The local chapter of Texas Rising Activists spread awareness on the recently passed Texas Senate Bill 9 (SB9), which would increase restrictions on voting.
Members of Texas Rising-RGV gathered from 11 a.m. to 2 p.m. Tuesday outside the Student Union on the Edinburg campus and Thursday outside the Main Building on the Brownsville campus.
On April 15, the Senate passed SB9, ricocheting many people into disbelief and displeasure with the several “voter restrictions” it encompasses.
“The fact that it passed the Senate is horrible,” said Ofelia Alonso, regional field coordinator for Texas Rising-RGV and a 2018 UTRGV graduate. “Everyone expected it to die in the Senate and it didn’t. It passed, so now we’re trying to call our representatives to make sure that it dies in the House and that we don’t have SB9 as a new law of Texas.”
Alonso explained SB9 is a “huge bill” comprised of several voter restrictions that criminalize people for making simple mistakes when registering to vote as well as adding “a whole lot of restrictions around what kind of things you can do to get people to go out and vote.”
“An example of that is you could get criminalized for driving your friends to the polls and driving, like, doing curbside voting,” she said. “So, if you have more than, I think, five people in your car and they’re not your family, you need to provide documentation that all of you need to do curbside voting.”
C. Lopez, an interdisciplinary studies senior, said that she thought this bill would make it much more difficult for senior citizens and other people who need help to get to the polls, referencing the incident that occurred in Alabama, where the polls turned the elderly away.
SB9 also makes it a class B misdemeanor if a person “impedes a walkway, sidewalk, parking lot, or roadway within 500 feet of a polling place in a manner that hinders a person from entering the polling place,” according to the bill introduced by Sen. Bryan Hughes (R-Tyler) and co-sponsored by Sen. Bob Hall (R-Edgewood).
Another possible transgression the bill imposes is if voters fill out their voter registration incorrectly, they can get jail time as well as large fines for the offense.
Alonso said that this would especially affect transgender people who register to vote and possibly criminalized if they put down the gender they present themselves as, versus the gender they were “born with.” She said all these restrictions “completely ignore” all the barriers that individuals already have for voting.
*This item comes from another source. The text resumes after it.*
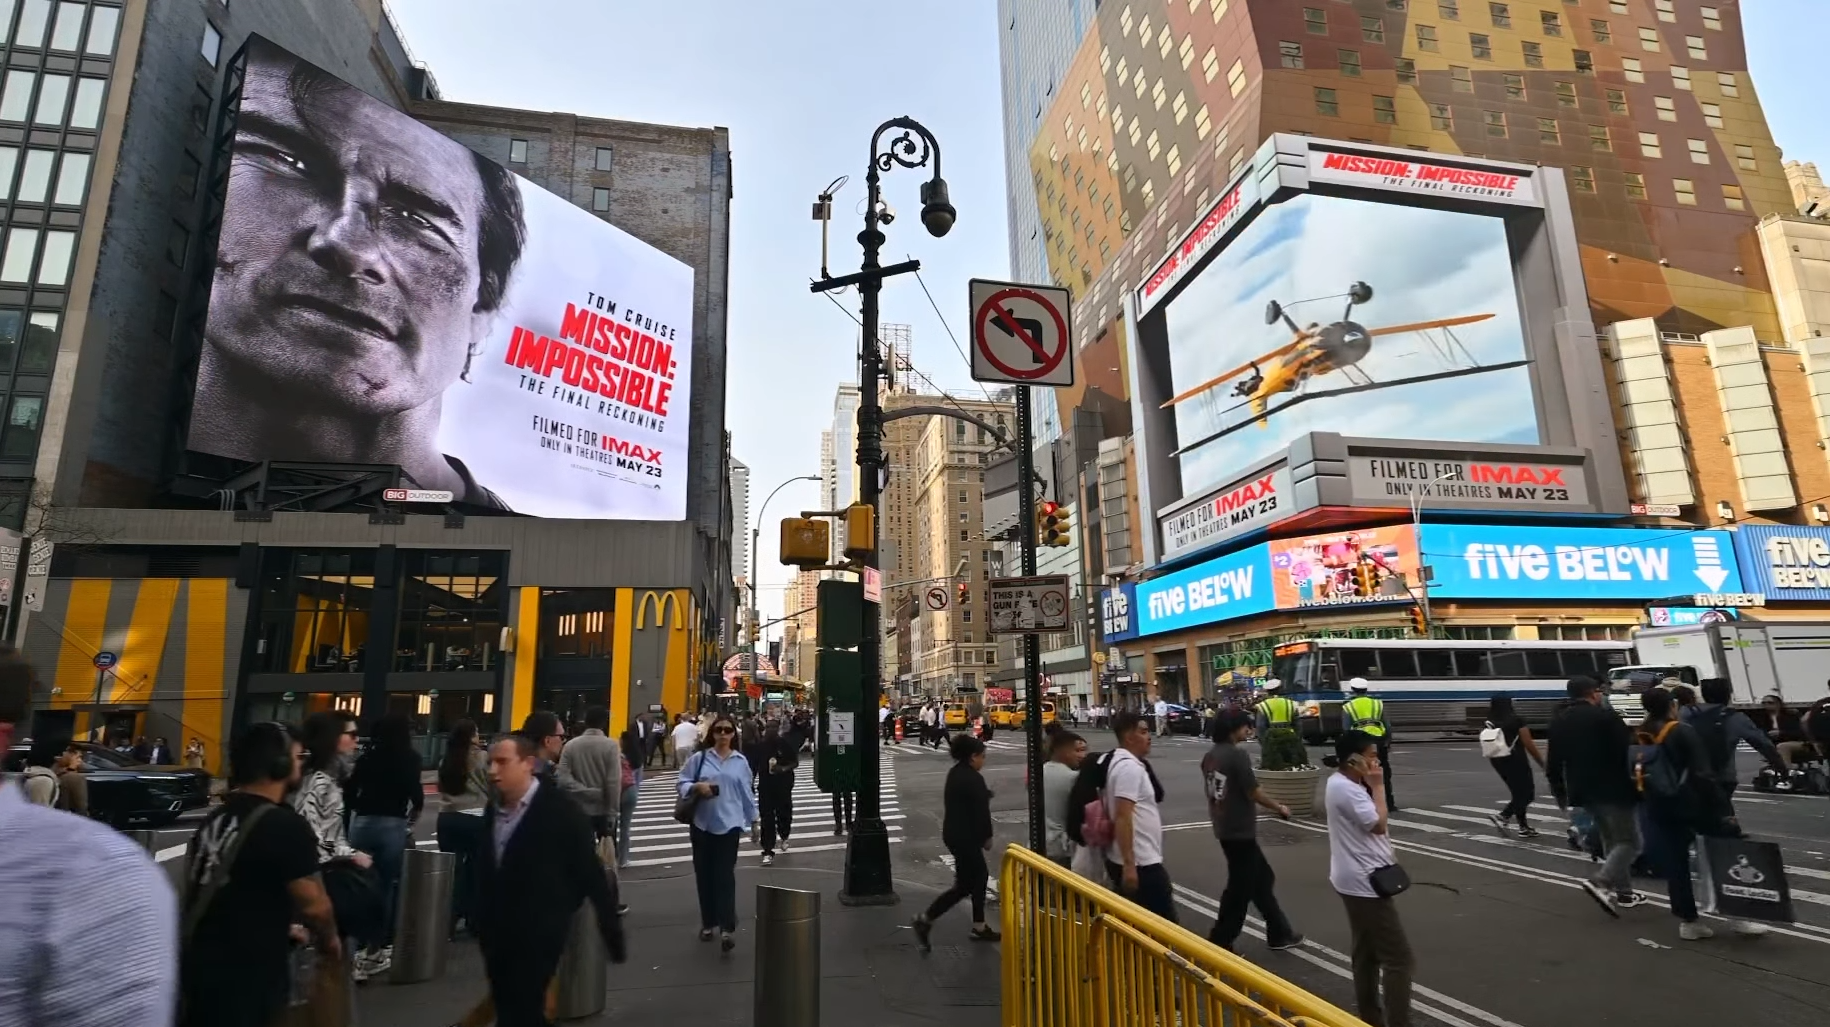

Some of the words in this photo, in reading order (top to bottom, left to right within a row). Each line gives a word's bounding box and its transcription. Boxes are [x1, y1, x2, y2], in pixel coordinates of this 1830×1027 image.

“It would also specifically be difficult for students to vote because these restrictions are made to intimidate people into not voting, right?” Alonso asked. “So, if you knew you could potentially get a criminal conviction from registering to vote, would you risk registering?”
Along with these several restrictions, SB9 also proposes making it a requirement for Texas counties to utilize voting machines with paper trails.
In addition to informing students about the bill, activists also asked people to take photos in an orange county jail shirt, holding up an array of signs with possible criminal convictions if the bill were to pass. She said this would portray the reality if SB9 passes, as well as a way to inform people of what actions they can take to make sure that it doesn’t “continue going forward.”
“This is also a digital campaign,” Alonso said. “Texas Rising has student chapters all over the state of Texas. We have them everywhere, in El Paso, San Antonio, Austin, Dallas, Houston, College Station, San Marcos, and so we’re all sort of doing the same thing and we’re all posting our photos online and sort of creating, basically, this narrative of it where we do emphasize that this will be something that could potentially get people sent to jail.”
She said Texas is already a non-voting state, with the “lowest voter turnout in the entire United States,” and that this “attack on voting rights” will only make it worse.
“If it does get passed, usually it goes into effect after the [legislative session] ends, so when SB4 passed in June, it went into effect by September,” Alonso said. “So, if SB9 passes, it should be in effect by the end of this year and it would definitely affect the [2020] primaries and the 2020 election.”
Asked what she thought was most problematic about the bill, Lopez replied, “I find it problematic that it even exists. … With all this hatred that’s being spread around, these senators are just adding fuel to the flame.”
“Right now, [SB9] is in the process of, I think, it’s already referred to a committee in the House, so we don’t know what’s going to happen from here on,” Alonso said. “This is the time that we call our representatives and urge them to vote ‘no’ on it. If there’s enough backlash, it could die.”